Die Ratingagentur Fitch hat bereits am Freitag die Kreditwürdigkeit Ungarns auf Ramsch-Niveau herabgestuft. Nach Einschätzung der KBC Analysten war dieser Schritt aber erwartet worden. Die KBC-Experten halten die ungarischen Titel mittlerweile für günstig. Für einen Einstieg sei es aber aufgrund der Dickköpfigkeit und Trägheit der ungarischen Politiker sowie weiterer möglicher Krisenwellen verbunden mit der Euro-Schuldenkrise zu früh, schreiben die Analysten.
Starke Kursgewinne wiesen MTelekom mit plus 5,19 Prozent auf 506 Forint aus. Magyar Olay es Gazipari (Mol) gewannen 2,88 Prozent auf 16.770 Forint und OTP Bank (Orságos Takar És Ker BK ON) zogen um 4,96 Prozent an auf 3.107 Forint. FHB Land Credit & Mortgage Bank befestigten sich um 0,88 Prozent auf 454 Forint.

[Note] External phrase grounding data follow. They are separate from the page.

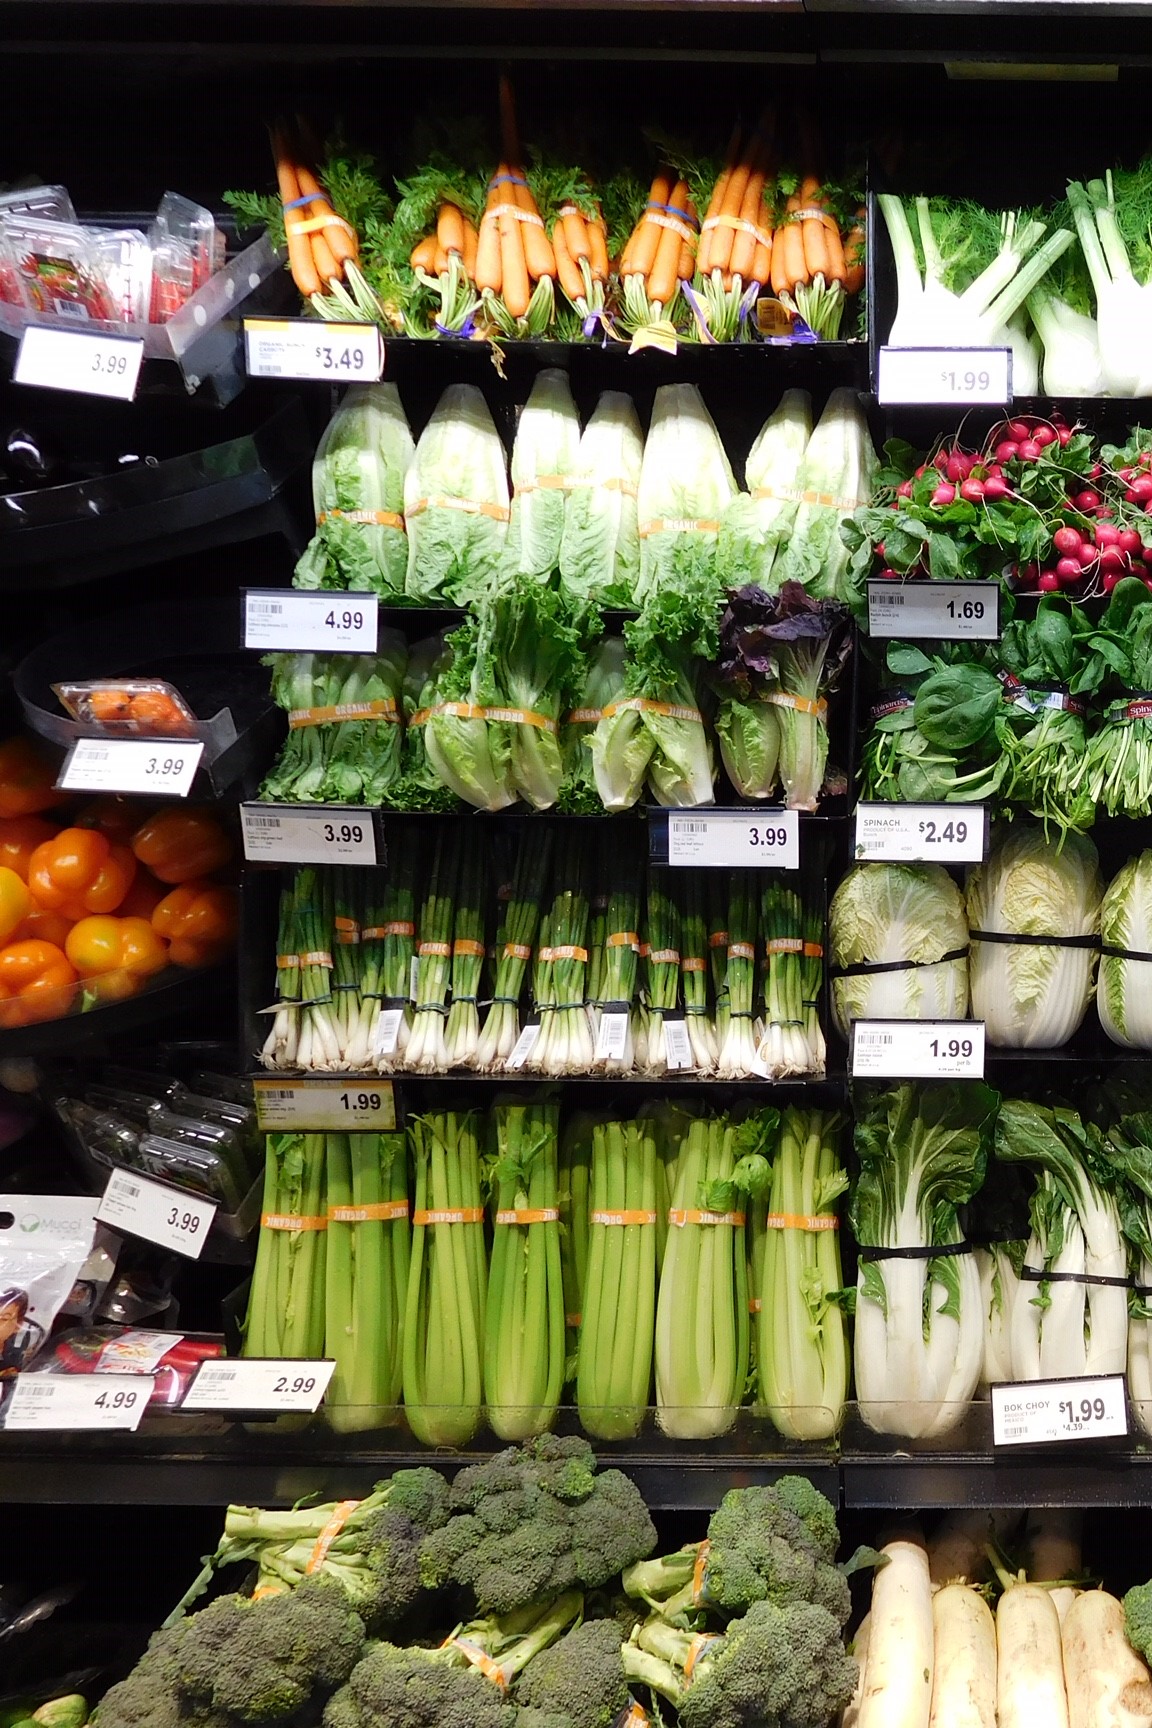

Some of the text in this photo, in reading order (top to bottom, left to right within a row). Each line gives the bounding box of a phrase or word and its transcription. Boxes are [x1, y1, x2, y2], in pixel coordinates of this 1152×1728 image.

[91, 353, 127, 375] 3.99
[315, 347, 364, 369] $3.49
[940, 371, 990, 391] $1.99
[946, 600, 985, 619] 1.69
[325, 610, 363, 630] 4.99
[335, 702, 372, 715] ORGANIC
[485, 708, 525, 723] ORGANIC
[574, 709, 601, 720] ORGAN
[145, 758, 184, 775] 3.99
[863, 819, 901, 827] SPINACH
[918, 821, 968, 843] $2.49
[324, 824, 363, 843] 3.99
[749, 827, 787, 846] 3.99
[929, 1039, 973, 1058] 1.99
[340, 1093, 381, 1110] 1.99
[167, 1207, 200, 1234] 3.99
[266, 1216, 304, 1229] ORGANIC
[334, 1209, 369, 1221] ORGANIC
[427, 1211, 464, 1223] ORGANIC
[272, 1376, 316, 1393] 2.99
[94, 1391, 138, 1409] 4.99
[1003, 1401, 1050, 1412] BOK CHOY
[1059, 1397, 1106, 1423] $1.99

An der Prager Börse fiel der Leitindex PX dagegen um 1,01 Prozent auf 885,4 Punkte. Zum Wochenstart standen aktuelle Konjunkturdaten im Fokus der Akteure. Demnach ist die Arbeitslosigkeit in Tschechien im Dezember 2011 im Monatsvergleich um 0,6 Prozentpunkte auf 8,6 Prozent angestiegen - den höchsten Stand seit April 2011. Damit befanden sich zum Ende des Vorjahres 508.451 Menschen im 10,5-Millionen-Land auf Jobsuche. Im Dezember 2010 lag die Arbeitslosenrate mit 9,6 Prozent aber höher als zum Vorjahresende.
Für November wurden hingegen überraschend starke Industriedaten veröffentlicht. Die Industrieproduktion legte zum Vormonat um 2,7 Prozent zu und kletterte zum Vorjahreszeitraum um 5,4 Prozent. Der wichtigste Beitrag für die deutlichen Zuwächse kam laut Einschätzung der Analysten von KBC Securities aus dem Automobilbereich. Die AAA-Papiere reagierten auf die positiven Branchennachrichten mit minus 1,28 Prozent auf 17,70 Kronen.
Verkaufsdruck gab es europaweit im Finanzbereich zu beobachten. Die Titel der Erste Group sackten um 6,32 Prozent auf 312,90 Kronen ab. Komercni Banka verbuchten einen Kursrückgang in der Höhe von 2,87 Prozent auf 3.150 Kronen. Im Energiesektor konnte hingegen Ceske Energeticke Zavody (CEZ) (CEZ AS) um 3,04 Prozent auf 793,0 Kronen zulegen.
Der polnische Leitindex WIG-20 ging mit einem Verlust von 1,42 Prozent auf 2.126,71 Punkten aus dem Handel. Der breiter gefasste WIG-Index (WIG) sank um 1,05 Prozent auf 37.341,29 Punkte. Eine verhaltenes europäisches Börsenumfeld drückte auch in Warschau auf die Kurse, nachdem dort am Freitag nicht gehandelt worden war. Die PGE-Papiere verabschiedeten sich mit minus 2,55 Prozent auf 20,60 Zloty aus dem Handelstag. Die Analysten von der BRE Bank stuften die Titel von "Buy" auf "Accumulate" herab. Gleichzeitig wurde das Kursziel für den Energieversorger von 23,93 auf 23,07 Zloty nach unten revidiert.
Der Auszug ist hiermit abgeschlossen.